(TASK TO COMPLETE): The data must be reproduced verbatim; images are to be omitted.

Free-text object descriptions
☆ ☆ ☆ ☆ ☆

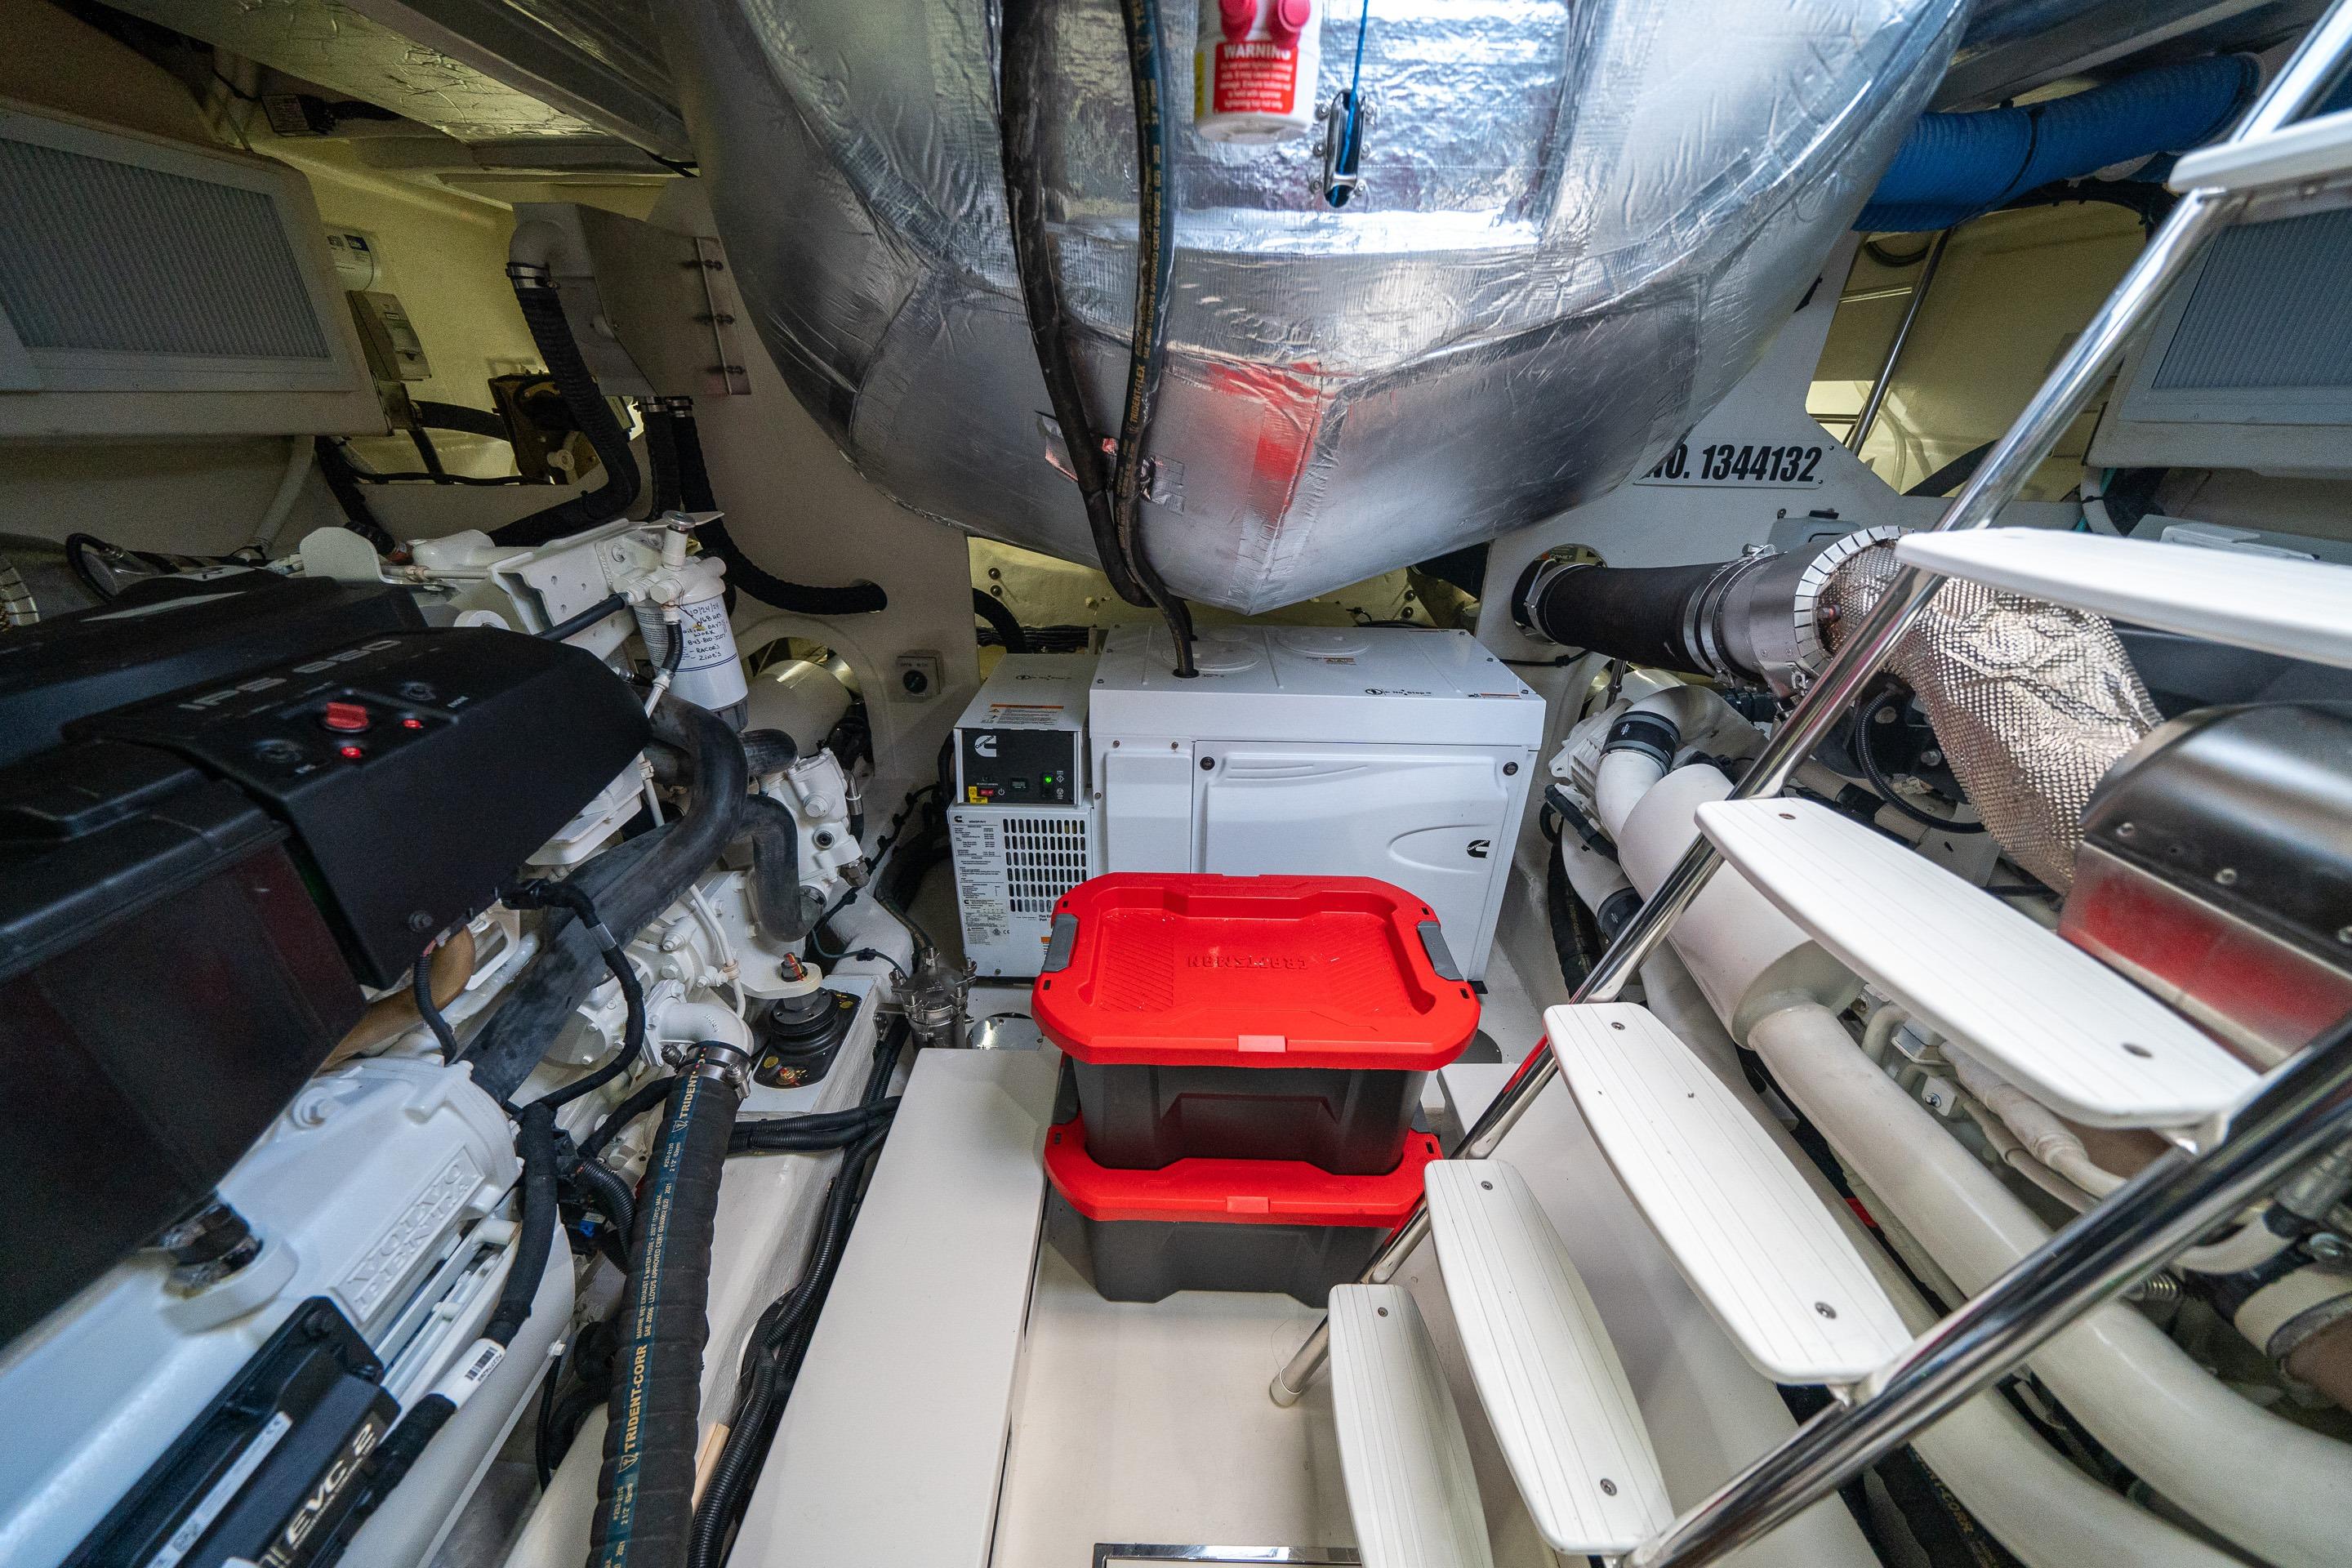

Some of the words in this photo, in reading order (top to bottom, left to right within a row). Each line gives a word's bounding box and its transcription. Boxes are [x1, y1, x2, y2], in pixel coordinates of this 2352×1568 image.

[1223, 42, 1291, 60] WARNING
[1700, 444, 1823, 482] 1344132
[178, 677, 287, 710] IPS
[346, 1157, 463, 1284] VOLVO
[354, 1174, 478, 1321] PENTA
[646, 1241, 654, 1256] HOSE
[655, 1233, 663, 1248] CERT
[644, 1257, 653, 1275] WATER
[651, 1249, 662, 1279] APPROVED
[640, 1281, 649, 1304] EXHAUST
[624, 1343, 648, 1453] TRIDENT-CORR
[287, 1459, 347, 1545] EVC
[353, 1423, 375, 1456] 2
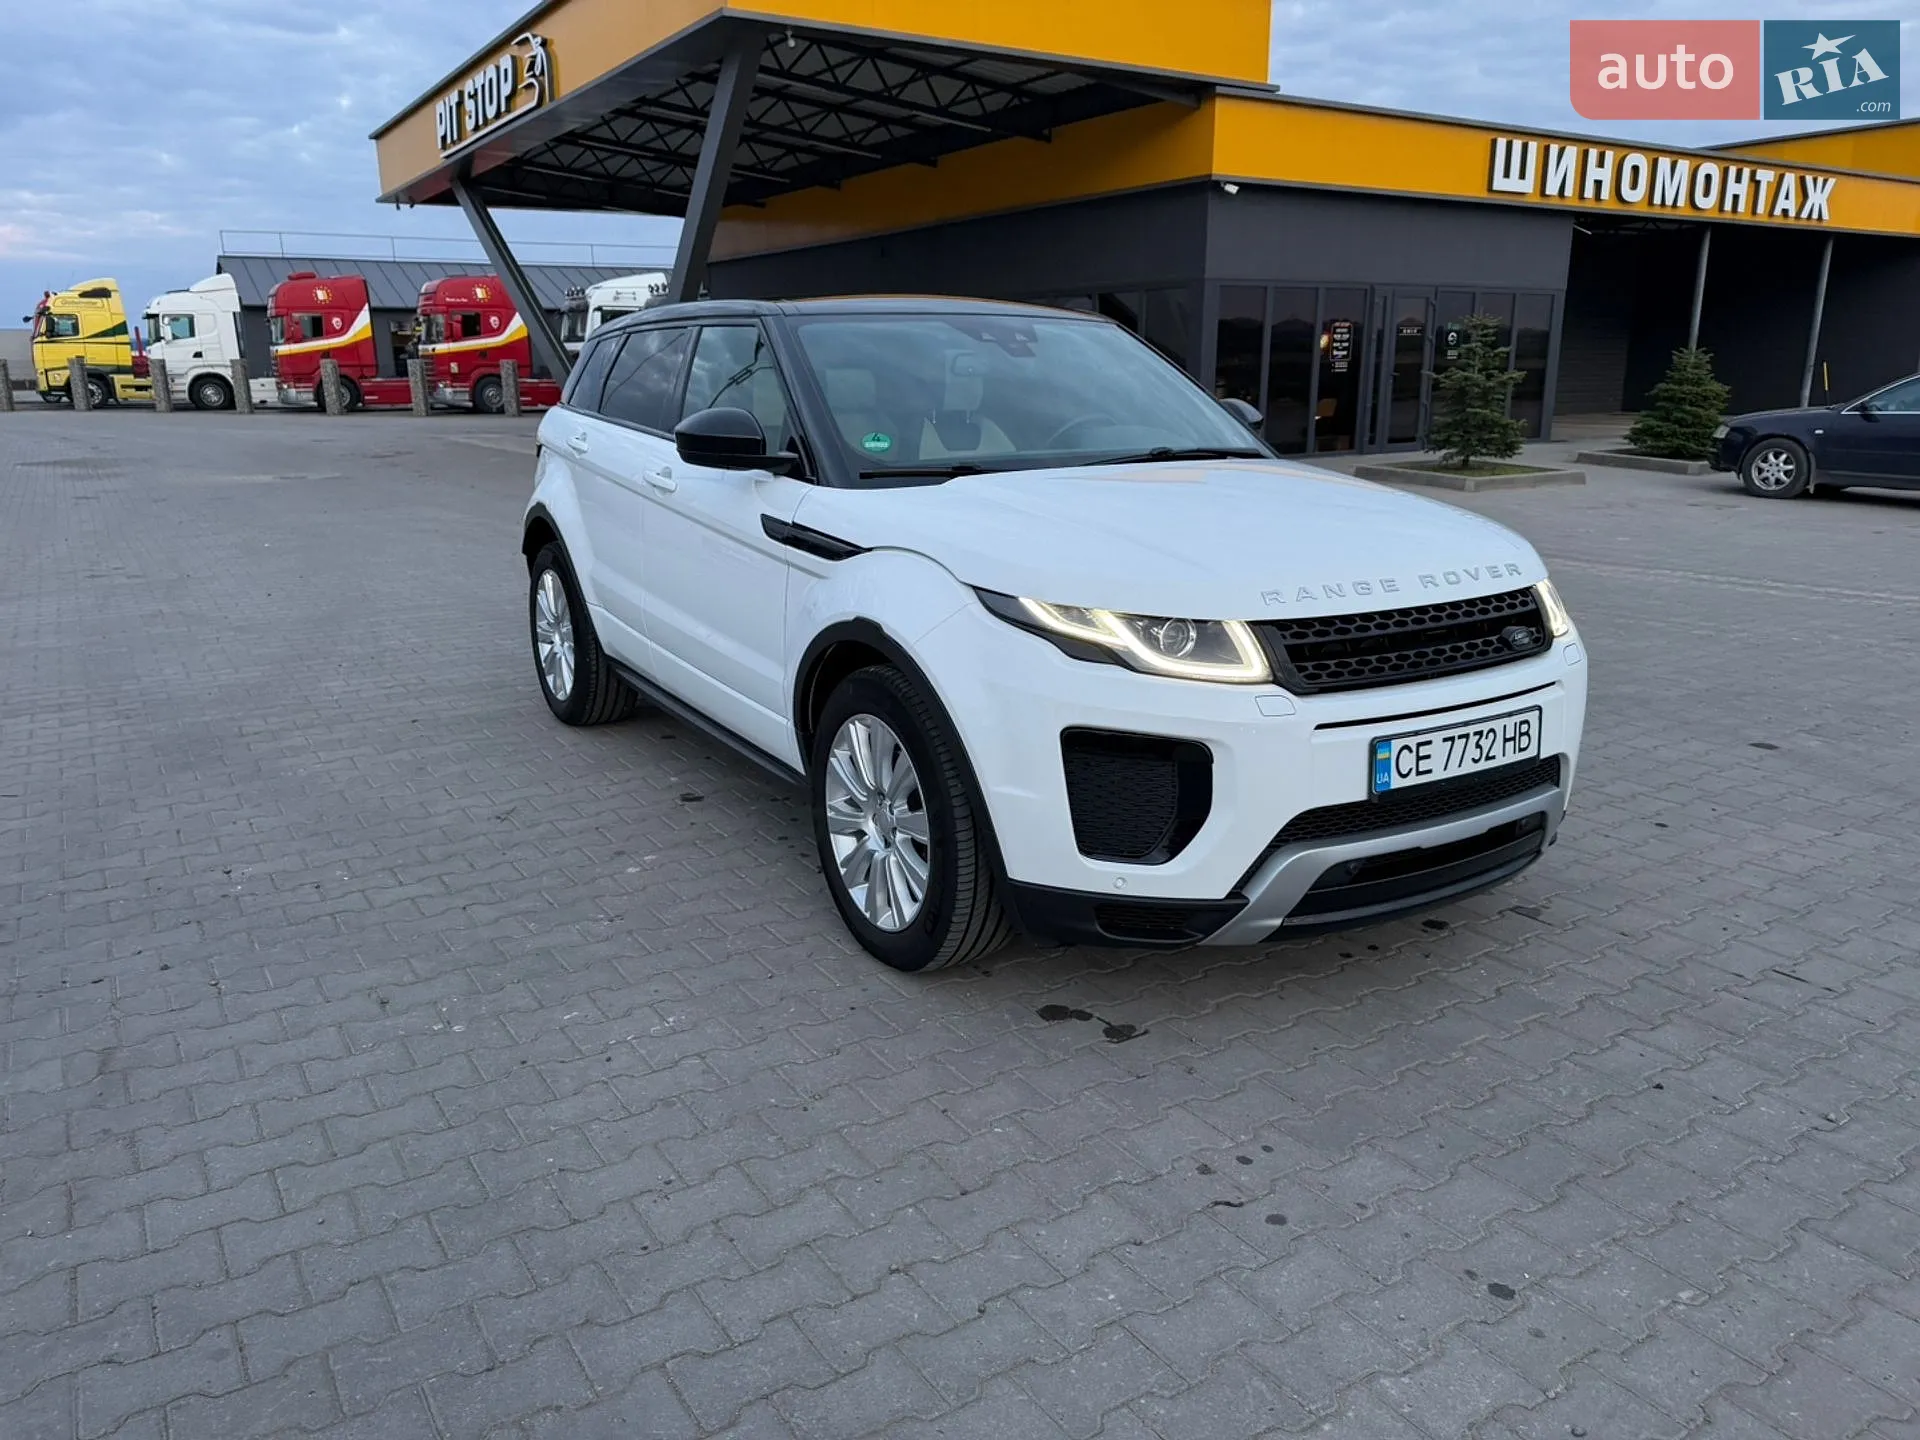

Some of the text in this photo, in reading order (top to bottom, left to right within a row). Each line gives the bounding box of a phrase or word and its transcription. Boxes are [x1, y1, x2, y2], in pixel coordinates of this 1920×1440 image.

[435, 54, 513, 149] PIT STOP
[1491, 137, 1835, 221] ШИНОМОНТАЖ
[1260, 563, 1523, 606] RANGE ROVER
[1376, 772, 1390, 784] UA
[1395, 719, 1532, 779] CE 7732 HB

☆ ☆ ☆ ☆ ☆

(EXERCISE RESPONSE):
Some of the words in this photo, in reading order (top to bottom, left to right within a row). Each line gives a word's bounding box and its transcription. Boxes are [x1, y1, x2, y2], in pixel coordinates of this 2352×1568 image.

[1223, 42, 1291, 60] WARNING
[1700, 444, 1823, 482] 1344132
[178, 677, 287, 710] IPS
[346, 1157, 463, 1284] VOLVO
[354, 1174, 478, 1321] PENTA
[646, 1241, 654, 1256] HOSE
[655, 1233, 663, 1248] CERT
[644, 1257, 653, 1275] WATER
[651, 1249, 662, 1279] APPROVED
[640, 1281, 649, 1304] EXHAUST
[624, 1343, 648, 1453] TRIDENT-CORR
[287, 1459, 347, 1545] EVC
[353, 1423, 375, 1456] 2

Some of the text in this photo, in reading order (top to bottom, left to right within a row). Each line gives the bounding box of a phrase or word and its transcription. Boxes are [x1, y1, x2, y2], in pixel coordinates of this 1920×1440 image.

[435, 54, 513, 149] PIT STOP
[1491, 137, 1835, 221] ШИНОМОНТАЖ
[1260, 563, 1523, 606] RANGE ROVER
[1376, 772, 1390, 784] UA
[1395, 719, 1532, 779] CE 7732 HB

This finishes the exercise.